Baroness Murphy
Main Page: Baroness Murphy (Crossbench - Life peer)My Lords, I have been a psychiatrist for 40 years, and it will not surprise your Lordships that I agree with every word that has been said in this welcome short debate of the noble Baroness, Lady Jolly.
I have long been astonished that we have such regulation for practically every healthcare profession under the sun except psychotherapy. Art therapists, for example, are registered and regulated; so are osteopaths and chiropractors, who both have their own regulatory councils. Yet we left the Professional Standards Authority struggling to think through how it would approach this problem. It could not regulate this massive amount of mental health care without doing something about it, and so it developed its accreditation scheme— and all credit to it for doing so—but the time really has come.
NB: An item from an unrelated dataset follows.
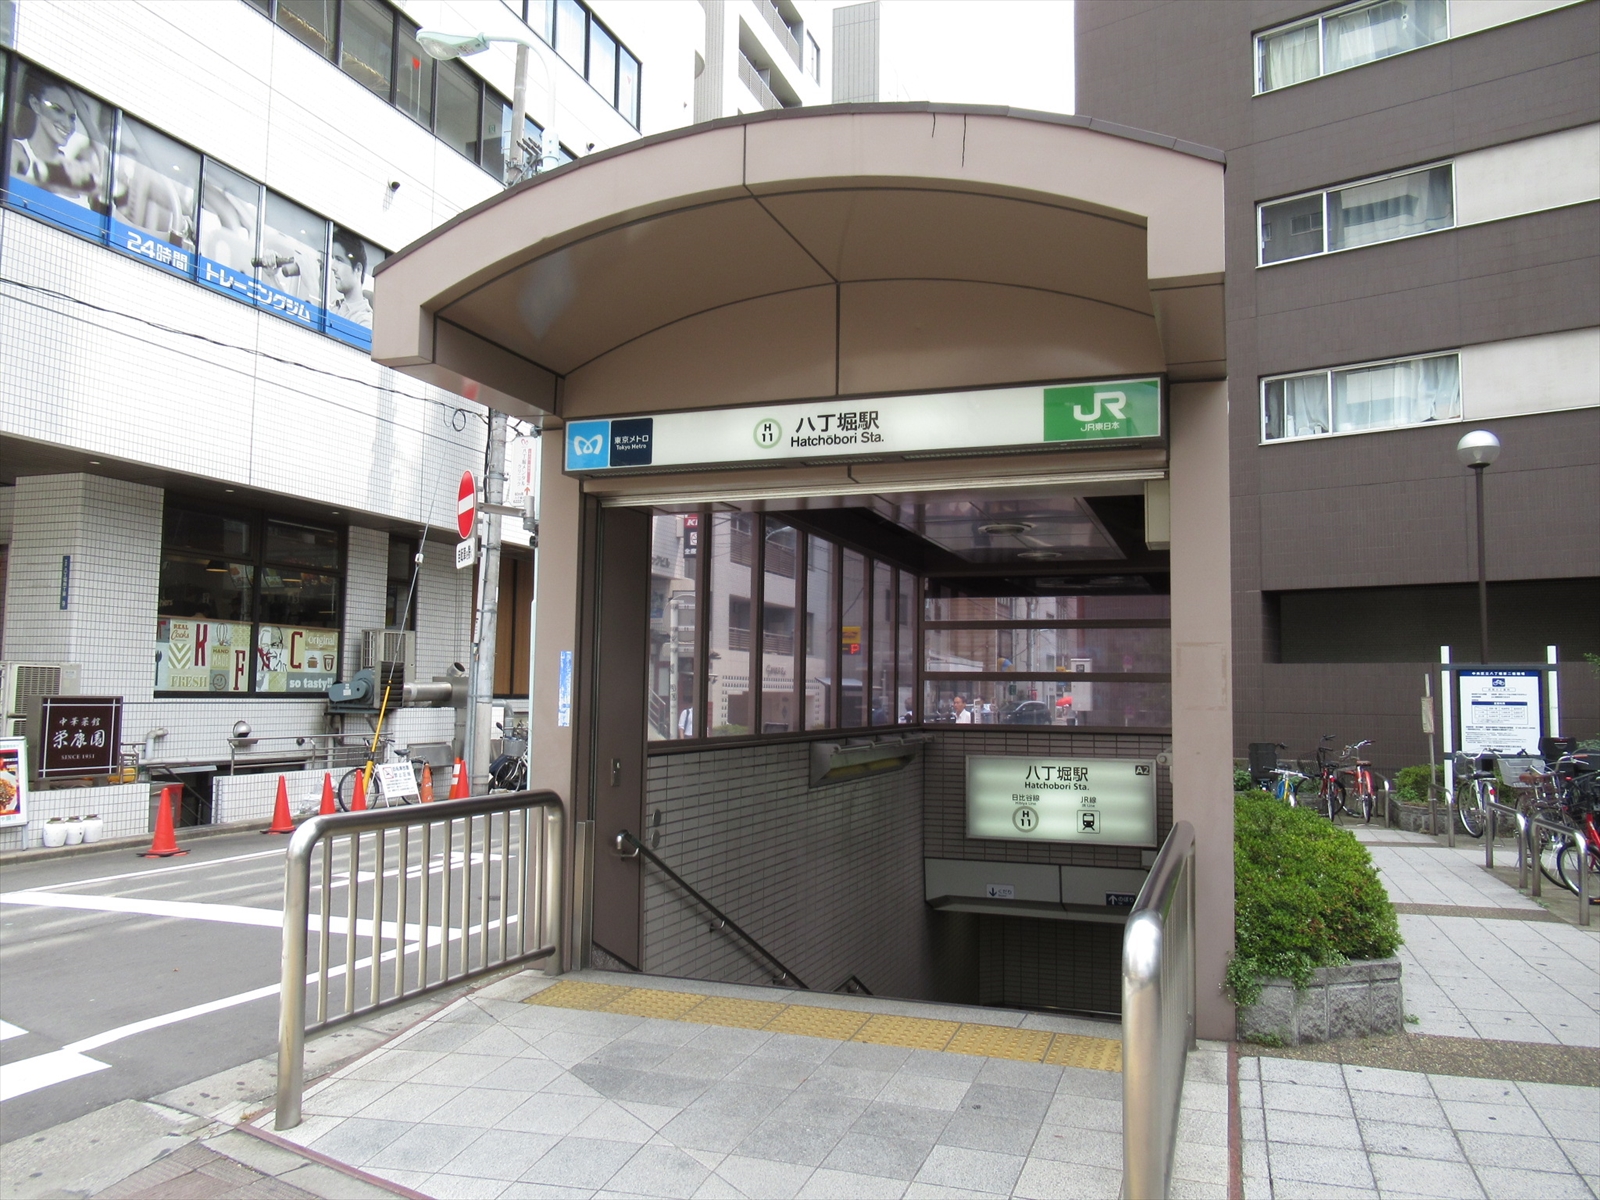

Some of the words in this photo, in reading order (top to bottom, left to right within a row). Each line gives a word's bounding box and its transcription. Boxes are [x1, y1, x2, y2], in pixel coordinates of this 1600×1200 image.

Efficacy is clearly not the issue at stake because, after all, there are many qualified physicians and psychiatrists who are not very efficacious. Nevertheless, we try to ensure that they do not cause positive harm by making sure they have appropriate training. The issue is whether a person is setting themselves up to provide care and support to somebody else. That is healthcare, and somebody doing that needs to be regulated.
I have heard it said that some of these therapists do not want to be regulated. I am sure they do not, but if you were here in 1856 and listened to the antipathy in the debates towards the notion that you might regulate doctors, you would hear the same arguments. The time has come.
There are now over a million new people coming into the health service to ask for psychotherapy every year, and we provide that to them, admittedly through accredited organisations. Nevertheless, there are a huge number of people getting it, and it is clear that the time has come to offer proper regulation and reassure the people coming to ask for help that individuals have got at least some accreditation and that we can protect the public from harms.